Einer solchen Regelung kann aus den in den Vorerkenntnissen bereits hinreichend dargelegten, hier nicht zu wiederholenden Gründen unter dem Blickwinkel der Erwerbsfreiheit nicht entgegengetreten werden. Sie ist in Anbetracht der geringeren Schwere des Eingriffs und des Gewichts der verfolgten Ziele verhältnismäßig und trägt den in der bisherigen Rechtsprechung entwickelten verfassungsrechtlichen Anforderungen Rechnung (vgl. Grabenwarter, Ladenschlußrecht, 1992, 204 ff). Daß der Landeshauptmann die Abendsperre in besonderen Fällen oder für bestimmte Orte verlegen kann (§6 Abs 2 und 3), ändert nichts daran, daß nach der allgemeinen Regelung innerhalb des gesteckten Rahmens es dem Gewerbetreibenden überlassen ist, die Öffnungszeiten zu bestimmen. Die Notwendigkeit des Einschreitens eines Verwaltungsorganes zur Konkretisierung der im Gesetz vorgesehenen Ausnahmen ist daher ohne Einfluß auf die Verfassungsmäßigkeit der Regel. Welche Bedeutung es hat, wenn ein Landeshauptmann trotz Vorliegens der Voraussetzungen eine solche Verlegung der Abendsperre unterläßt, ist nicht zu erörtern, da die Anträge aus einem solchen Unterlassen eine Verfassungswidrigkeit des § 2 Abs 1 und 5 ÖZG nicht ableiten.

Aus dem Frauen-Nachtarbeitsgesetz ist gegen die Abendsperre von 19.30 Uhr nichts zu gewinnen. Den durch die Festsetzung der regelmäßigen Nachtruhe ab 20 Uhr eröffneten Spielraum schöpft die angegriffene Regelung im praktischen Ergebnis - wenn man die Fertigbedienung (§8 Abs 1 ÖZG) und allfällige Abschlußarbeiten nach 19.30 Uhr mit einbezieht - ohnedies aus. Die Sonderbestimmung des § 4 Abs 6 will aber die Beschäftigung von Frauen bis 23 Uhr offenkundig nur in ausnahmsweise offenen Verkaufsstellen ermöglichen. Sie setzt also den regelmäßigen - nicht geschlechtsspezifischen - Arbeitszeitschutz in Gestalt von Ladenschlußvorschriften - wie derzeit eben im ÖZG - voraus und sorgt nur dafür, daß in den wenigen Fällen, in denen das Ladenschlußrecht von der Regel aus besonderen Gründen so weit abweicht, daß die Beschäftigung von Arbeitnehmern nach 20 Uhr in Betracht kommt, auch Frauen noch beschäftigt werden können. In dieser äußersten Grenze müssen sich daher die Ladenschlußvorschriften nicht ihrerseits ausrichten.

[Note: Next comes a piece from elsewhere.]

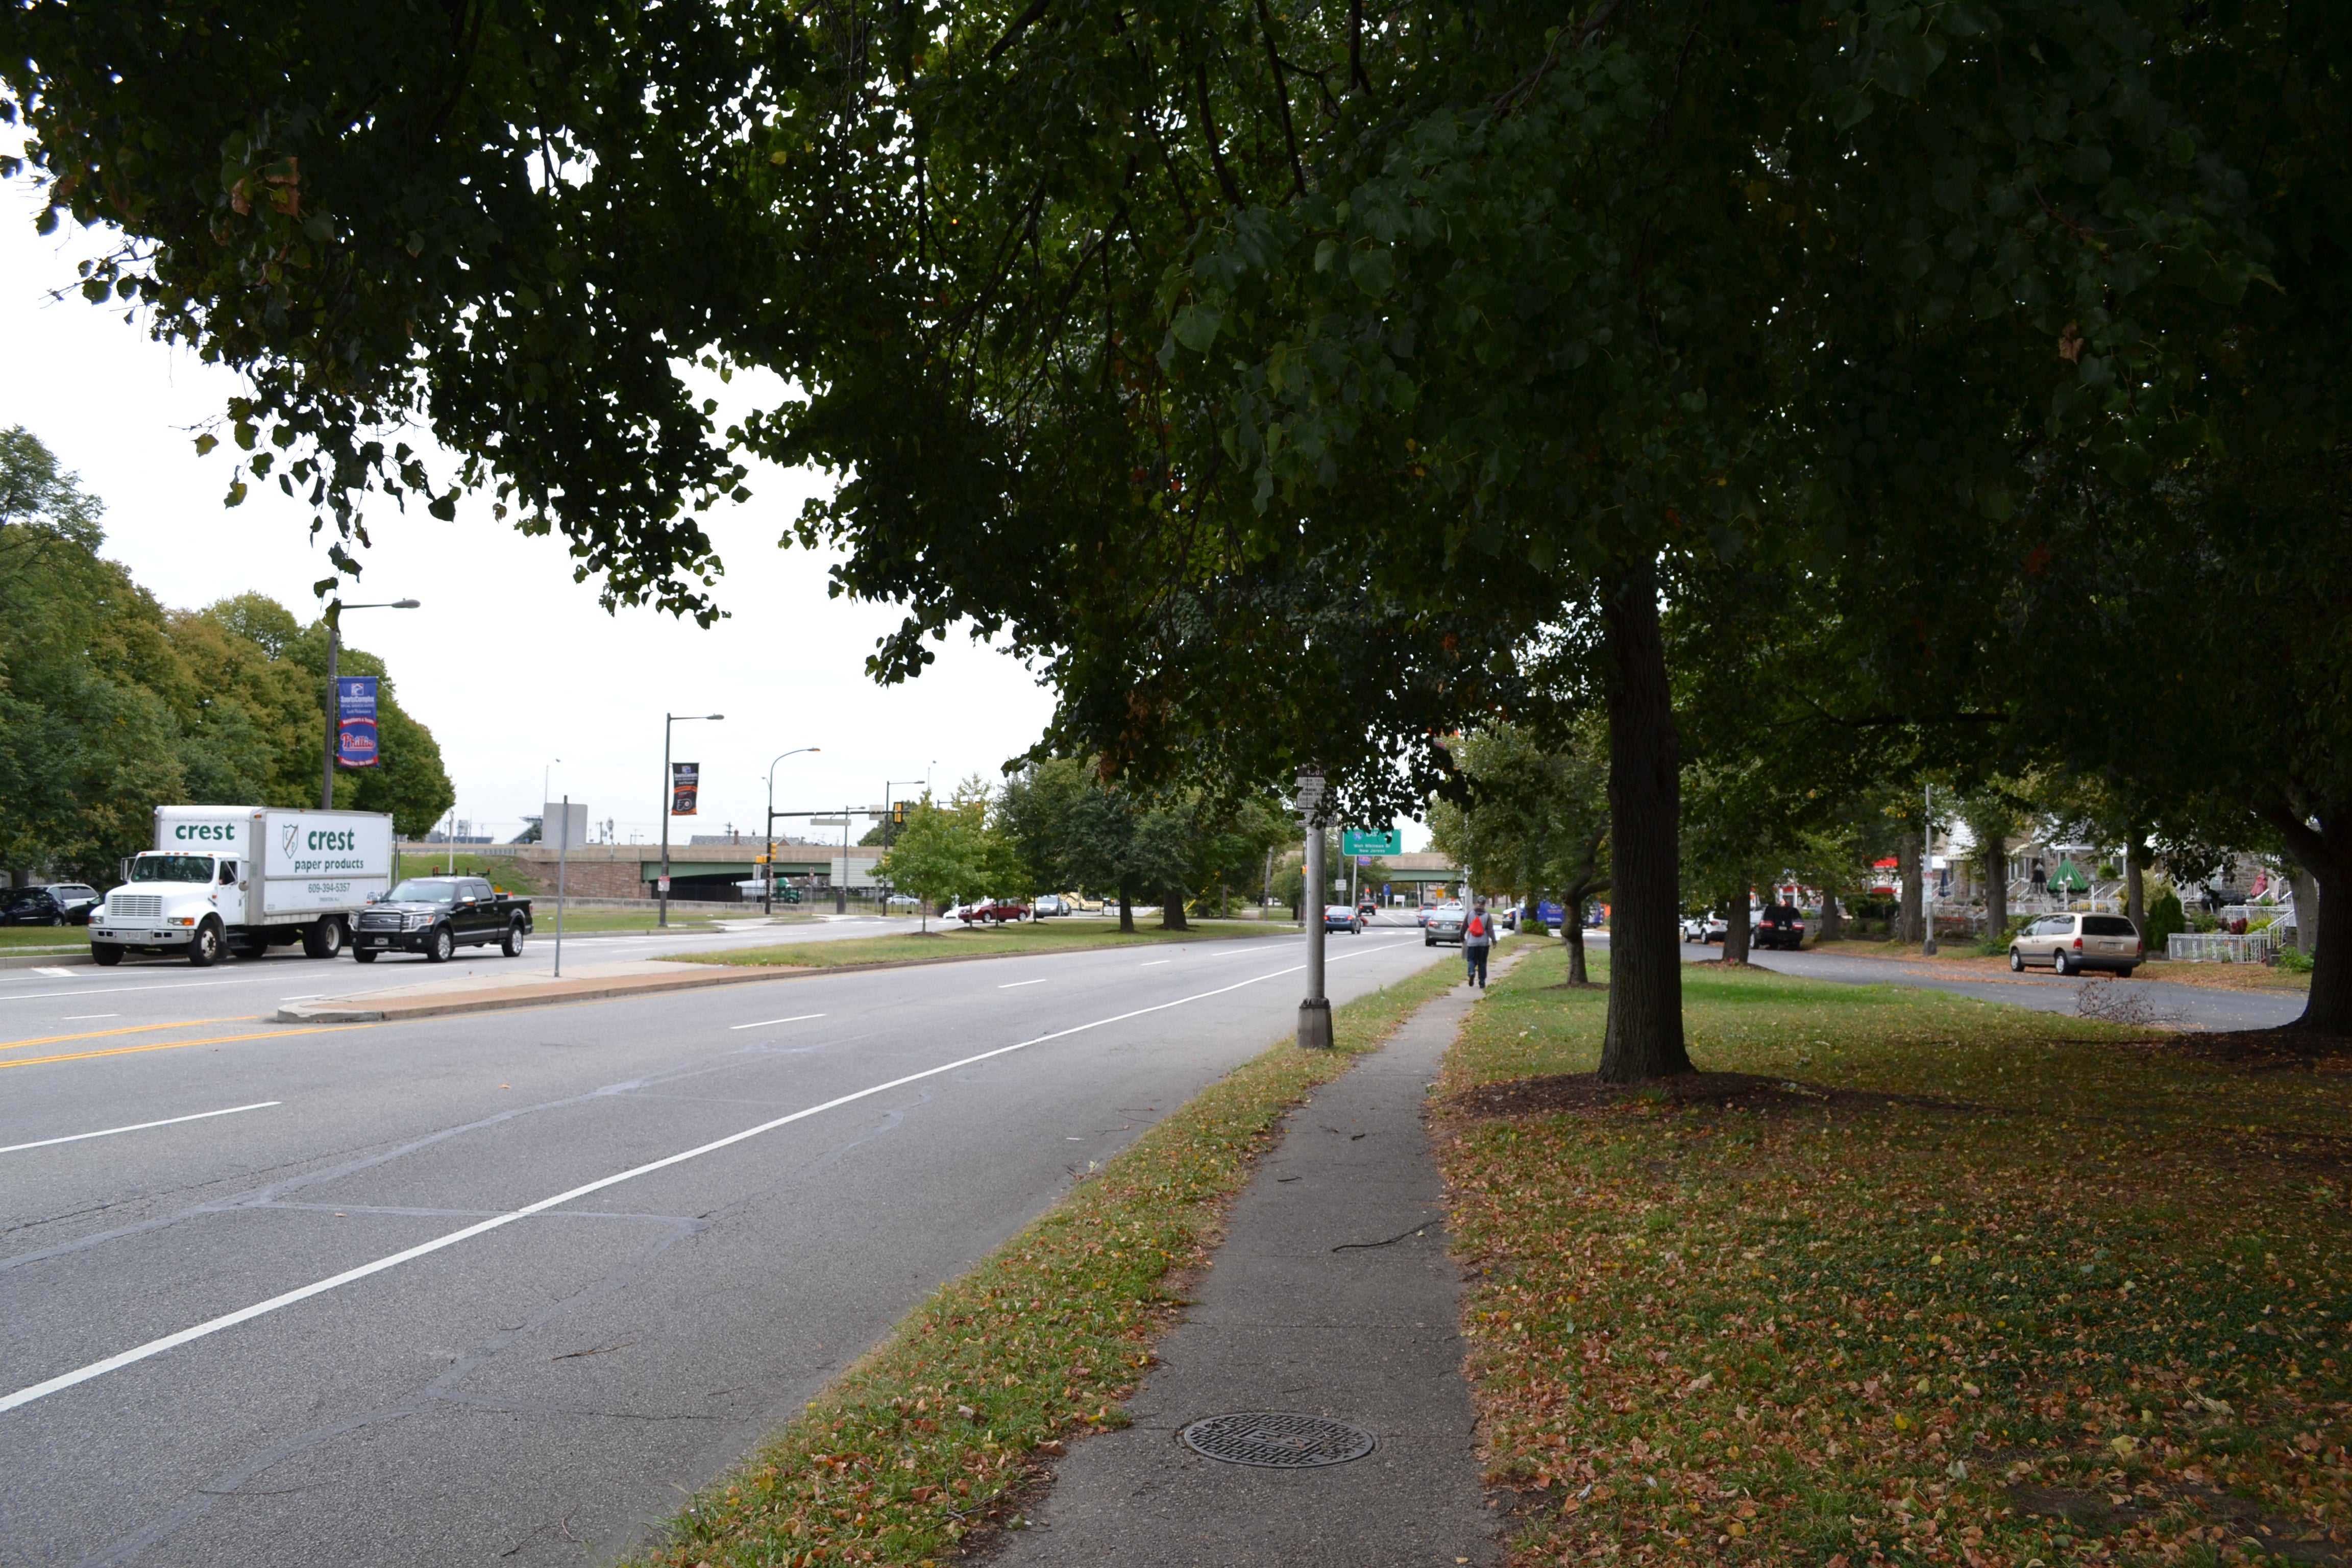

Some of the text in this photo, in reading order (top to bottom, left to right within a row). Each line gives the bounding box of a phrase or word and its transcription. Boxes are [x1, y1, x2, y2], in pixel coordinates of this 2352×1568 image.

3. Was den Vorwurf der Gleichheitsverletzung betrifft, weil nicht zwischen Unternehmen unterschieden wird, die Arbeitnehmer beschäftigen, und solchen, die das nicht tun, ist auf die wettbewerbsordnende Funktion der Ladenschlußregelungen zu verweisen. Rechtfertigt oder erfordert der Interessenausgleich zwischen Arbeitnehmern, Gewerbetreibenden und Verbrauchern eine Regelung von der Art, wie der Gesetzgeber sie getroffen hat, so ist es nicht unsachlich, wenn er eine Benachteiligung von Betrieben zu vermeiden trachtet, die Arbeitnehmer beschäftigen (müssen). Dazu kommt - abgesehen von einer Erleichterung der Überprüfung der Einhaltung der Vorschriften -, daß auch Handelsgewerbetreibende ohne Arbeitnehmer oder solche, die auf deren Einsatz verzichten müßten, durch den Wettbewerb zu überlangen Geschäftszeiten genötigt werden könnten, die vielfach betriebswirtschaftlich nicht gerechtfertigt wären, - ein Umstand, der den Gesetzgeber zwar nicht verhält, auf das freie Spiel der Kräfte Einfluß zu nehmen, einer solchen Einflußnahme aber ein sachliches Anknüpfungsmerkmal bietet und sie daher seinem rechtspolitischen Ermessen anheimstellt. Das Streben nach Ordnung des Wettbewerbs kann in diesem Punkt zwar einen übermäßigen Eingriff in die Erwerbsfreiheit allein nicht rechtfertigen (VfSlg. 11558/1987); eine Regelung, die den verfassungsrechtlichen Anforderungen der Erwerbsfreiheit standhält, wird aber auch nicht allein deswegen unsachlich, weil sie möglichst wettbewerbsneutral gestaltet ist. Es liegt darin also keine Verletzung des Gleichheitssatzes, da die Ladenschlußvorschriften nicht allein von der sozialpolitischen Schutzfunktion zugunsten der Arbeitnehmer getragen werden.

Die vorgebrachten Bedenken treffen also insgesamt nicht zu. Die Anträge sind in der Sache abzuweisen.

Da von einer mündlichen Erörterung eine weitere Klärung der Rechtssache nicht zu erwarten war, wurde von einer mündlichen Verhandlung abgesehen (§19 Abs 4 VerfGG).